**** Provided entries

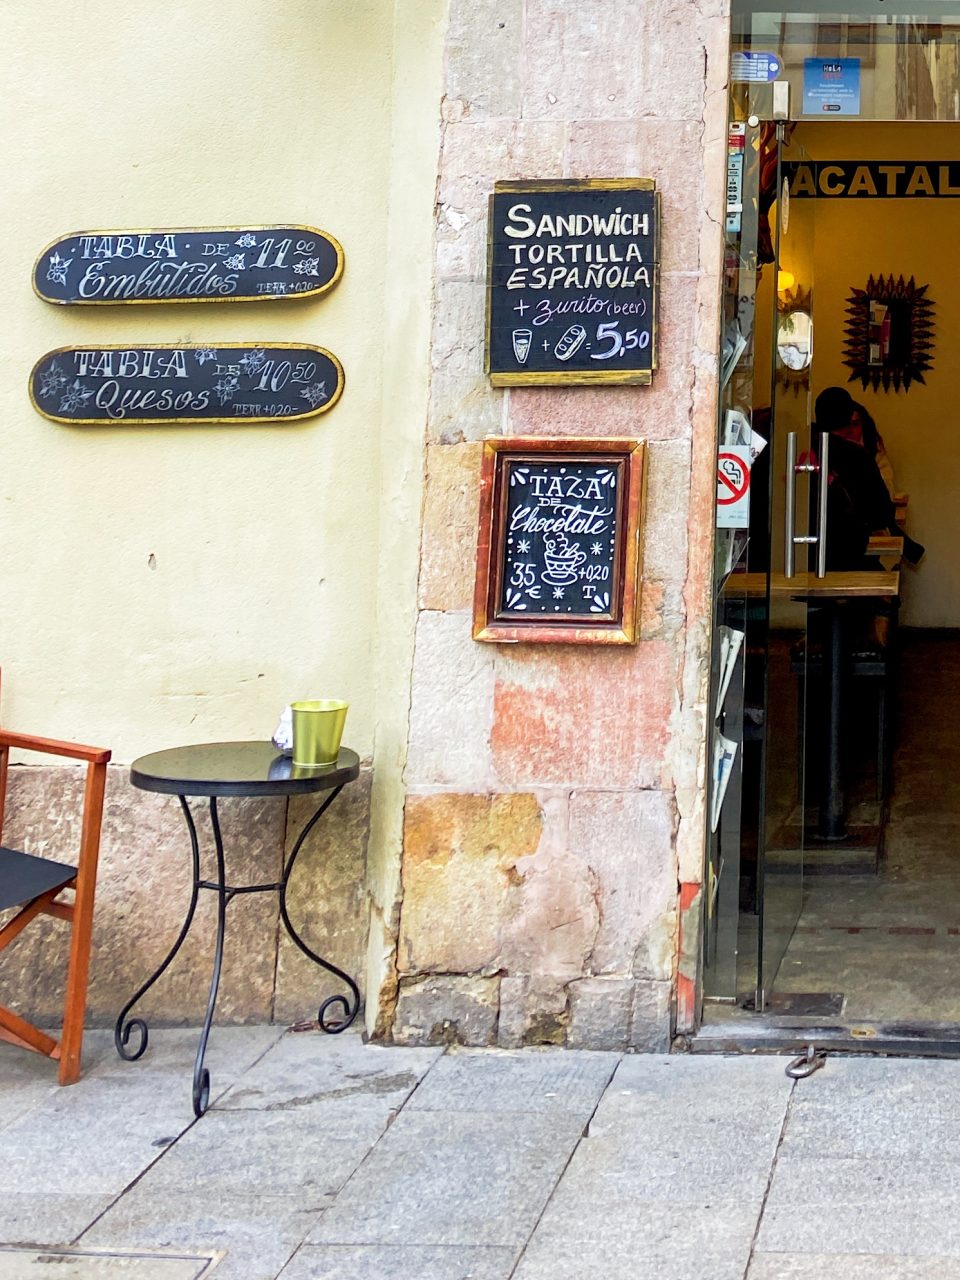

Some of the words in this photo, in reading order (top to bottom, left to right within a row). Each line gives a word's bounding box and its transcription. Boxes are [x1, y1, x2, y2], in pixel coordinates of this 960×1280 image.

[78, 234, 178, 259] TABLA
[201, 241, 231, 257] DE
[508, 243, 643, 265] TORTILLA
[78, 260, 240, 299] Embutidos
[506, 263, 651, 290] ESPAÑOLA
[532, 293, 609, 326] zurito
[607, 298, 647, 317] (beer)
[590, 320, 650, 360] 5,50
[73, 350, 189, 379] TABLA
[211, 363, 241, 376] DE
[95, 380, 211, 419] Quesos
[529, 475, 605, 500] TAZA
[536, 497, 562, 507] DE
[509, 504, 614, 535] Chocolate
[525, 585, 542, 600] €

********

Leave out the pictures. Transcribe the rest of the listing above exactly.

Some of the words in this photo, in reading order (top to bottom, left to right within a row). Each line gives a word's bounding box and its transcription. Boxes are [x1, y1, x2, y2], in pixel coordinates of this 960×1280 image.

[78, 234, 178, 259] TABLA
[201, 241, 231, 257] DE
[508, 243, 643, 265] TORTILLA
[78, 260, 240, 299] Embutidos
[506, 263, 651, 290] ESPAÑOLA
[532, 293, 609, 326] zurito
[607, 298, 647, 317] (beer)
[590, 320, 650, 360] 5,50
[73, 350, 189, 379] TABLA
[211, 363, 241, 376] DE
[95, 380, 211, 419] Quesos
[529, 475, 605, 500] TAZA
[536, 497, 562, 507] DE
[509, 504, 614, 535] Chocolate
[525, 585, 542, 600] €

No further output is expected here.